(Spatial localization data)
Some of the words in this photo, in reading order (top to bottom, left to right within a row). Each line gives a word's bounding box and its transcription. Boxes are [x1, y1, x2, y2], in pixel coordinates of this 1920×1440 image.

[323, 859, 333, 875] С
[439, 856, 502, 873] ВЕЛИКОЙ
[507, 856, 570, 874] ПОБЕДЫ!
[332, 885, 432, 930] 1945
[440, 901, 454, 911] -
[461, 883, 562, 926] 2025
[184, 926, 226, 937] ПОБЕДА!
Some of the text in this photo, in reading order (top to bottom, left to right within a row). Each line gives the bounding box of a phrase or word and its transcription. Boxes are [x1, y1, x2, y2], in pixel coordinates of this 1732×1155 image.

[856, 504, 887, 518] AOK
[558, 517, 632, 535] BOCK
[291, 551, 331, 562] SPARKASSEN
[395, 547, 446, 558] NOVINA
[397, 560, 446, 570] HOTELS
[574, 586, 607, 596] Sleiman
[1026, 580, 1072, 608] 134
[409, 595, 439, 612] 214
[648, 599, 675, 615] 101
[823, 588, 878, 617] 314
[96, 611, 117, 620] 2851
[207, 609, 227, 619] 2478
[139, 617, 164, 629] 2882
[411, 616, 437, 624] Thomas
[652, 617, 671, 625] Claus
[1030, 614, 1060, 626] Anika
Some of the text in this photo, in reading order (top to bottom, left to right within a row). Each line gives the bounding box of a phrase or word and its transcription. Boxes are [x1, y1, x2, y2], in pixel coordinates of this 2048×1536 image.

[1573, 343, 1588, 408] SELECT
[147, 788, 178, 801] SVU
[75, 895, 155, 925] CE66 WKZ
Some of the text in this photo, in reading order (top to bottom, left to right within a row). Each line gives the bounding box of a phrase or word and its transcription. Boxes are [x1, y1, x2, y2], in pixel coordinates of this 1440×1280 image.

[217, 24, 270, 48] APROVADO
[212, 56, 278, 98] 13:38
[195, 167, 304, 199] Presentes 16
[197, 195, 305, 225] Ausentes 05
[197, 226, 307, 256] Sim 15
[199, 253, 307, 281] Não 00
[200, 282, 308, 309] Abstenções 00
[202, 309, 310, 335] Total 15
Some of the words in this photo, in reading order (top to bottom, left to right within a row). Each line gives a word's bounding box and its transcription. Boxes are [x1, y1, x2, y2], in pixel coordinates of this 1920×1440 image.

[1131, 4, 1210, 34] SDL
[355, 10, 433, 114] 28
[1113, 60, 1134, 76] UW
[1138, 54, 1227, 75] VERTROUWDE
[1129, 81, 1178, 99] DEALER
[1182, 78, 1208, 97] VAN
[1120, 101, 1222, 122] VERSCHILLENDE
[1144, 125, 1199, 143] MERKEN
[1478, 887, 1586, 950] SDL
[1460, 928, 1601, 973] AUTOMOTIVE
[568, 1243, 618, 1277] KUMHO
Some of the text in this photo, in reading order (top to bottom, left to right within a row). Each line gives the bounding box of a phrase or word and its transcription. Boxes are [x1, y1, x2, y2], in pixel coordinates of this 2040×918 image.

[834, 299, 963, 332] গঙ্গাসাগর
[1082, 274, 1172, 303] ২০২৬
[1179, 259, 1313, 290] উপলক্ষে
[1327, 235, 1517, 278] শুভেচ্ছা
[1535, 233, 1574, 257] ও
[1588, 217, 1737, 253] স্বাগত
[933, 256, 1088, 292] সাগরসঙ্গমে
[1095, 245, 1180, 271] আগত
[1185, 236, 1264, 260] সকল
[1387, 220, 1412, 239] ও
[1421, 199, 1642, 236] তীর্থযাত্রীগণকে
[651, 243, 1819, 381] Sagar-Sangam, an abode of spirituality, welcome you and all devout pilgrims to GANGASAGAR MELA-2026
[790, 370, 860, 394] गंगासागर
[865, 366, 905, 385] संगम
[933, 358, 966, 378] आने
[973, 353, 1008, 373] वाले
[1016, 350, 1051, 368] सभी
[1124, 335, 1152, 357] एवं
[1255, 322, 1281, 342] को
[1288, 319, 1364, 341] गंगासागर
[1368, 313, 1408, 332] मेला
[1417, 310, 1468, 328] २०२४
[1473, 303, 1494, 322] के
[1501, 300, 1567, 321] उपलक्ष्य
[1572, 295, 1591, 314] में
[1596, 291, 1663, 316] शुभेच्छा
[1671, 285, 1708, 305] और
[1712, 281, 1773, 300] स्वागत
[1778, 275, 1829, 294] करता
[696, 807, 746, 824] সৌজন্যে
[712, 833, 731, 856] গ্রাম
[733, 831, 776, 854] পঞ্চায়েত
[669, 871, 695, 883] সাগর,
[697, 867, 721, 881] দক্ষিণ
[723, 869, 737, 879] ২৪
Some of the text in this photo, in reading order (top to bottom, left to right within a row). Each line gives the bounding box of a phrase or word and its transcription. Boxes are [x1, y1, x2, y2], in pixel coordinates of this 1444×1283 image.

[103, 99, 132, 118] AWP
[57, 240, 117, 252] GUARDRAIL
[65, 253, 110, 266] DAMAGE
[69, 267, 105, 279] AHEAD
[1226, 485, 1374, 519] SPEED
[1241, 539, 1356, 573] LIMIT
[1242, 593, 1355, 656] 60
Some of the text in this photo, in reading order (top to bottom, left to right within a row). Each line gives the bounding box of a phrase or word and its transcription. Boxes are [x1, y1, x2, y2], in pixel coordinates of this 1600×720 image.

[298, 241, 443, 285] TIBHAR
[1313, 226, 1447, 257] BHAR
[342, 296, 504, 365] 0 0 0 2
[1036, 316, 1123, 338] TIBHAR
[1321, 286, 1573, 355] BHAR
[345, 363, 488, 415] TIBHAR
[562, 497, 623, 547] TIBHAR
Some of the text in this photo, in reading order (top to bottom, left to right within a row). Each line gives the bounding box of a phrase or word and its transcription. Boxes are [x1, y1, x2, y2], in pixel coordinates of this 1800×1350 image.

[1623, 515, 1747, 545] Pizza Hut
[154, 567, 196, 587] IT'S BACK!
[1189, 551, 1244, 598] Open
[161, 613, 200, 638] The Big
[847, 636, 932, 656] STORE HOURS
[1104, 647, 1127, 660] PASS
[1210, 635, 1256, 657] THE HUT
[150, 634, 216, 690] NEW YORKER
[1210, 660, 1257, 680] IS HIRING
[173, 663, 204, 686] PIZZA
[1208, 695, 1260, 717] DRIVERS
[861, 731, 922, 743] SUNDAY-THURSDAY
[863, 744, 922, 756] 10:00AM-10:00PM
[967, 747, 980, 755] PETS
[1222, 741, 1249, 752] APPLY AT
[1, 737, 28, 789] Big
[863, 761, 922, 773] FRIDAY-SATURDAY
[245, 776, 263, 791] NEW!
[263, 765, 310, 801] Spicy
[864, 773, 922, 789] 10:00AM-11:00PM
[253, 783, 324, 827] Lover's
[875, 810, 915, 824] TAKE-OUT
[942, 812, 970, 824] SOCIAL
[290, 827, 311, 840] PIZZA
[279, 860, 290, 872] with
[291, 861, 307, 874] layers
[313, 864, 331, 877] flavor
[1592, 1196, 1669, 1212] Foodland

### WORK TO BE COMPLETED:
Please output the records shown above, with every character intact.

### SOLUTION FOR THIS PROBLEM:
Some of the words in this photo, in reading order (top to bottom, left to right within a row). Each line gives a word's bounding box and its transcription. Boxes are [x1, y1, x2, y2], in pixel coordinates of this 1920×1440 image.

[323, 859, 333, 875] С
[439, 856, 502, 873] ВЕЛИКОЙ
[507, 856, 570, 874] ПОБЕДЫ!
[332, 885, 432, 930] 1945
[440, 901, 454, 911] -
[461, 883, 562, 926] 2025
[184, 926, 226, 937] ПОБЕДА!
Some of the text in this photo, in reading order (top to bottom, left to right within a row). Each line gives the bounding box of a phrase or word and its transcription. Boxes are [x1, y1, x2, y2], in pixel coordinates of this 1732×1155 image.

[856, 504, 887, 518] AOK
[558, 517, 632, 535] BOCK
[291, 551, 331, 562] SPARKASSEN
[395, 547, 446, 558] NOVINA
[397, 560, 446, 570] HOTELS
[574, 586, 607, 596] Sleiman
[1026, 580, 1072, 608] 134
[409, 595, 439, 612] 214
[648, 599, 675, 615] 101
[823, 588, 878, 617] 314
[96, 611, 117, 620] 2851
[207, 609, 227, 619] 2478
[139, 617, 164, 629] 2882
[411, 616, 437, 624] Thomas
[652, 617, 671, 625] Claus
[1030, 614, 1060, 626] Anika
Some of the text in this photo, in reading order (top to bottom, left to right within a row). Each line gives the bounding box of a phrase or word and its transcription. Boxes are [x1, y1, x2, y2], in pixel coordinates of this 2048×1536 image.

[1573, 343, 1588, 408] SELECT
[147, 788, 178, 801] SVU
[75, 895, 155, 925] CE66 WKZ
Some of the text in this photo, in reading order (top to bottom, left to right within a row). Each line gives the bounding box of a phrase or word and its transcription. Boxes are [x1, y1, x2, y2], in pixel coordinates of this 1440×1280 image.

[217, 24, 270, 48] APROVADO
[212, 56, 278, 98] 13:38
[195, 167, 304, 199] Presentes 16
[197, 195, 305, 225] Ausentes 05
[197, 226, 307, 256] Sim 15
[199, 253, 307, 281] Não 00
[200, 282, 308, 309] Abstenções 00
[202, 309, 310, 335] Total 15
Some of the words in this photo, in reading order (top to bottom, left to right within a row). Each line gives a word's bounding box and its transcription. Boxes are [x1, y1, x2, y2], in pixel coordinates of this 1920×1440 image.

[1131, 4, 1210, 34] SDL
[355, 10, 433, 114] 28
[1113, 60, 1134, 76] UW
[1138, 54, 1227, 75] VERTROUWDE
[1129, 81, 1178, 99] DEALER
[1182, 78, 1208, 97] VAN
[1120, 101, 1222, 122] VERSCHILLENDE
[1144, 125, 1199, 143] MERKEN
[1478, 887, 1586, 950] SDL
[1460, 928, 1601, 973] AUTOMOTIVE
[568, 1243, 618, 1277] KUMHO
Some of the text in this photo, in reading order (top to bottom, left to right within a row). Each line gives the bounding box of a phrase or word and its transcription. Boxes are [x1, y1, x2, y2], in pixel coordinates of this 2040×918 image.

[834, 299, 963, 332] গঙ্গাসাগর
[1082, 274, 1172, 303] ২০২৬
[1179, 259, 1313, 290] উপলক্ষে
[1327, 235, 1517, 278] শুভেচ্ছা
[1535, 233, 1574, 257] ও
[1588, 217, 1737, 253] স্বাগত
[933, 256, 1088, 292] সাগরসঙ্গমে
[1095, 245, 1180, 271] আগত
[1185, 236, 1264, 260] সকল
[1387, 220, 1412, 239] ও
[1421, 199, 1642, 236] তীর্থযাত্রীগণকে
[651, 243, 1819, 381] Sagar-Sangam, an abode of spirituality, welcome you and all devout pilgrims to GANGASAGAR MELA-2026
[790, 370, 860, 394] गंगासागर
[865, 366, 905, 385] संगम
[933, 358, 966, 378] आने
[973, 353, 1008, 373] वाले
[1016, 350, 1051, 368] सभी
[1124, 335, 1152, 357] एवं
[1255, 322, 1281, 342] को
[1288, 319, 1364, 341] गंगासागर
[1368, 313, 1408, 332] मेला
[1417, 310, 1468, 328] २०२४
[1473, 303, 1494, 322] के
[1501, 300, 1567, 321] उपलक्ष्य
[1572, 295, 1591, 314] में
[1596, 291, 1663, 316] शुभेच्छा
[1671, 285, 1708, 305] और
[1712, 281, 1773, 300] स्वागत
[1778, 275, 1829, 294] करता
[696, 807, 746, 824] সৌজন্যে
[712, 833, 731, 856] গ্রাম
[733, 831, 776, 854] পঞ্চায়েত
[669, 871, 695, 883] সাগর,
[697, 867, 721, 881] দক্ষিণ
[723, 869, 737, 879] ২৪
Some of the text in this photo, in reading order (top to bottom, left to right within a row). Each line gives the bounding box of a phrase or word and its transcription. Boxes are [x1, y1, x2, y2], in pixel coordinates of this 1444×1283 image.

[103, 99, 132, 118] AWP
[57, 240, 117, 252] GUARDRAIL
[65, 253, 110, 266] DAMAGE
[69, 267, 105, 279] AHEAD
[1226, 485, 1374, 519] SPEED
[1241, 539, 1356, 573] LIMIT
[1242, 593, 1355, 656] 60
Some of the text in this photo, in reading order (top to bottom, left to right within a row). Each line gives the bounding box of a phrase or word and its transcription. Boxes are [x1, y1, x2, y2], in pixel coordinates of this 1600×720 image.

[298, 241, 443, 285] TIBHAR
[1313, 226, 1447, 257] BHAR
[342, 296, 504, 365] 0 0 0 2
[1036, 316, 1123, 338] TIBHAR
[1321, 286, 1573, 355] BHAR
[345, 363, 488, 415] TIBHAR
[562, 497, 623, 547] TIBHAR
Some of the text in this photo, in reading order (top to bottom, left to right within a row). Each line gives the bounding box of a phrase or word and its transcription. Boxes are [x1, y1, x2, y2], in pixel coordinates of this 1800×1350 image.

[1623, 515, 1747, 545] Pizza Hut
[154, 567, 196, 587] IT'S BACK!
[1189, 551, 1244, 598] Open
[161, 613, 200, 638] The Big
[847, 636, 932, 656] STORE HOURS
[1104, 647, 1127, 660] PASS
[1210, 635, 1256, 657] THE HUT
[150, 634, 216, 690] NEW YORKER
[1210, 660, 1257, 680] IS HIRING
[173, 663, 204, 686] PIZZA
[1208, 695, 1260, 717] DRIVERS
[861, 731, 922, 743] SUNDAY-THURSDAY
[863, 744, 922, 756] 10:00AM-10:00PM
[967, 747, 980, 755] PETS
[1222, 741, 1249, 752] APPLY AT
[1, 737, 28, 789] Big
[863, 761, 922, 773] FRIDAY-SATURDAY
[245, 776, 263, 791] NEW!
[263, 765, 310, 801] Spicy
[864, 773, 922, 789] 10:00AM-11:00PM
[253, 783, 324, 827] Lover's
[875, 810, 915, 824] TAKE-OUT
[942, 812, 970, 824] SOCIAL
[290, 827, 311, 840] PIZZA
[279, 860, 290, 872] with
[291, 861, 307, 874] layers
[313, 864, 331, 877] flavor
[1592, 1196, 1669, 1212] Foodland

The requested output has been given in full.